WHAT IS REQUIRED: Restate all the lines below word for word, but omit the pictures.

EXERCISE INPUT:
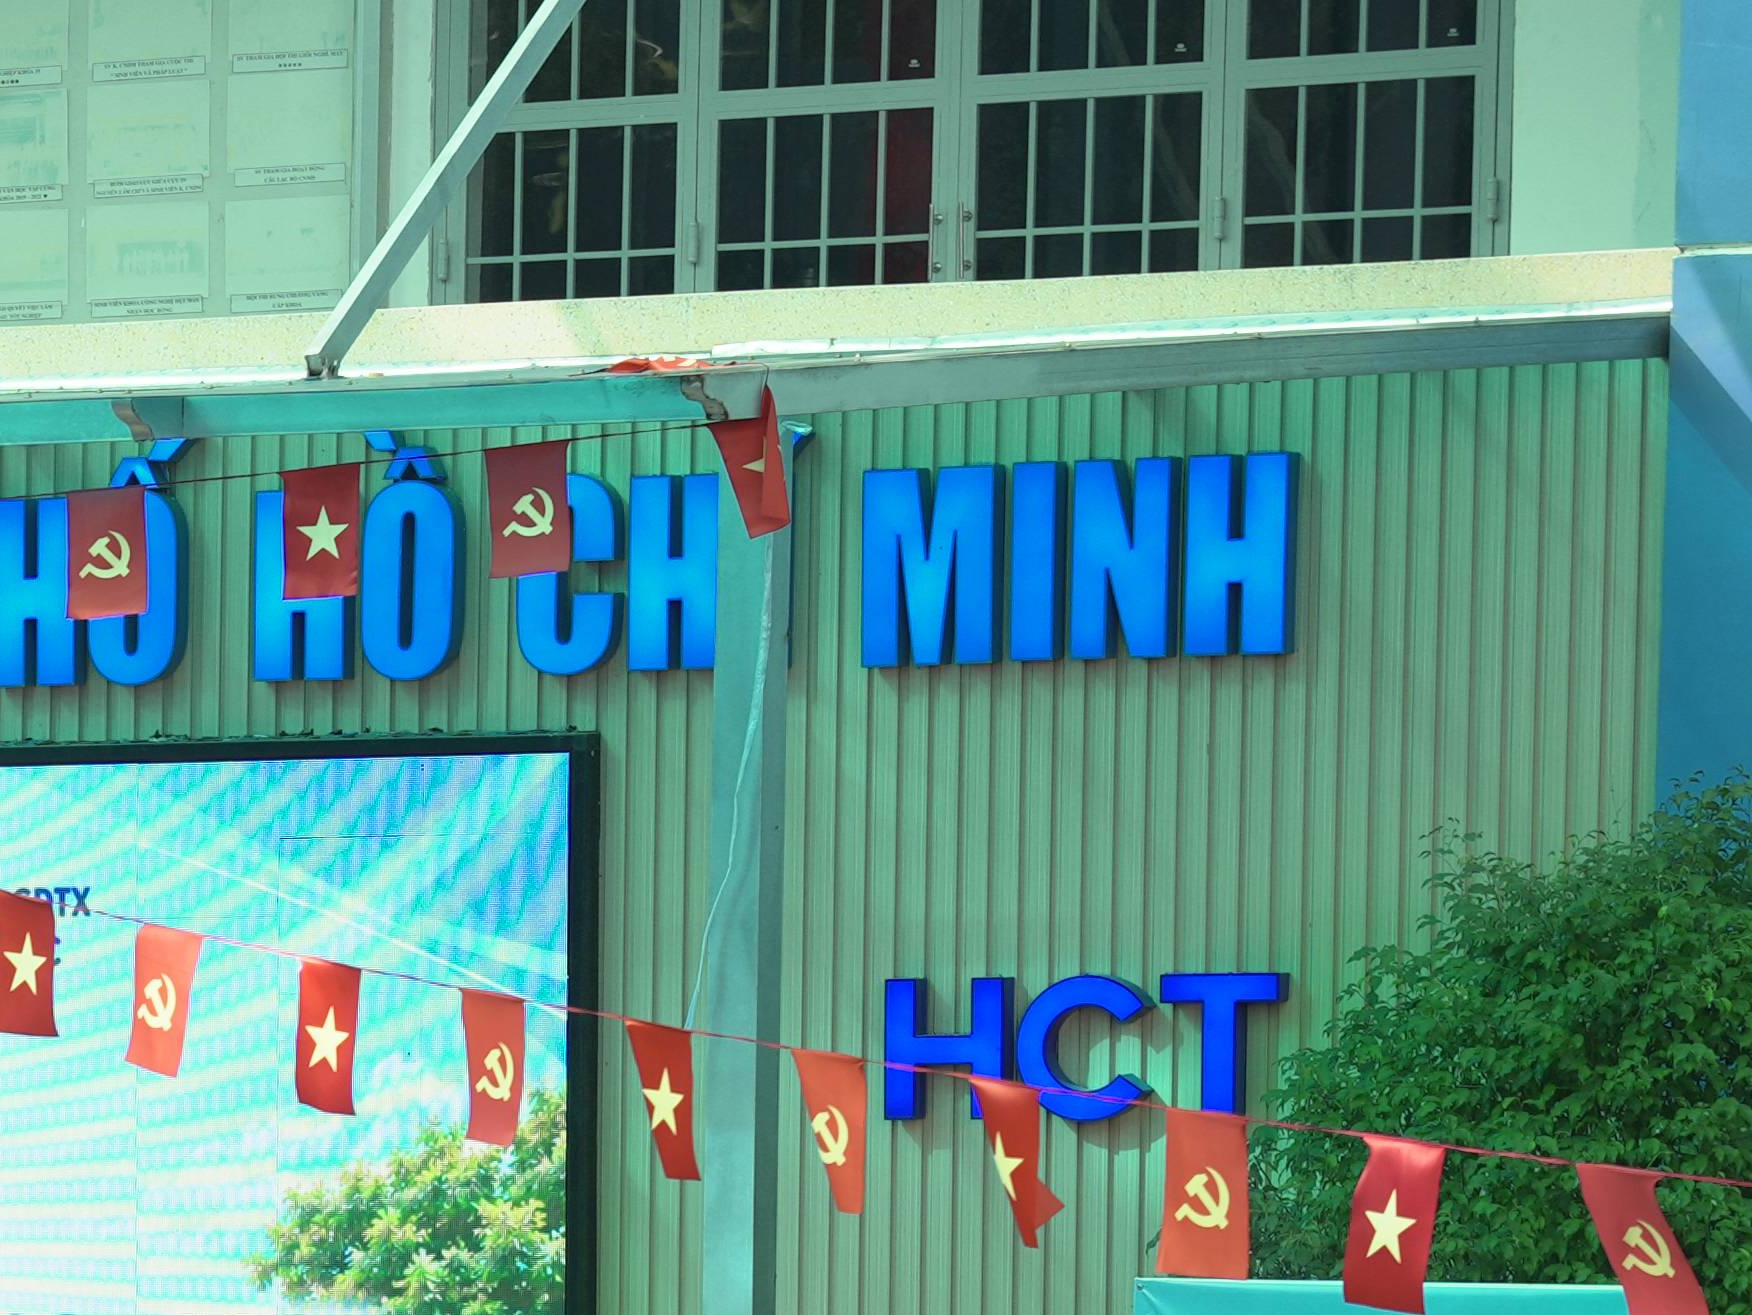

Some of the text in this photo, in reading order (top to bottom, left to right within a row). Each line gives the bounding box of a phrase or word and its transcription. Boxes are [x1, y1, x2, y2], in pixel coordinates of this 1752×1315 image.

[254, 430, 466, 681] HỒ
[516, 435, 792, 675] CH
[862, 451, 1299, 671] MINH
[884, 972, 1290, 1124] HCT

EXERCISE SOLUTION:
Some of the text in this photo, in reading order (top to bottom, left to right within a row). Each line gives the bounding box of a phrase or word and its transcription. Boxes are [x1, y1, x2, y2], in pixel coordinates of this 1752×1315 image.

[254, 430, 466, 681] HỒ
[516, 435, 792, 675] CH
[862, 451, 1299, 671] MINH
[884, 972, 1290, 1124] HCT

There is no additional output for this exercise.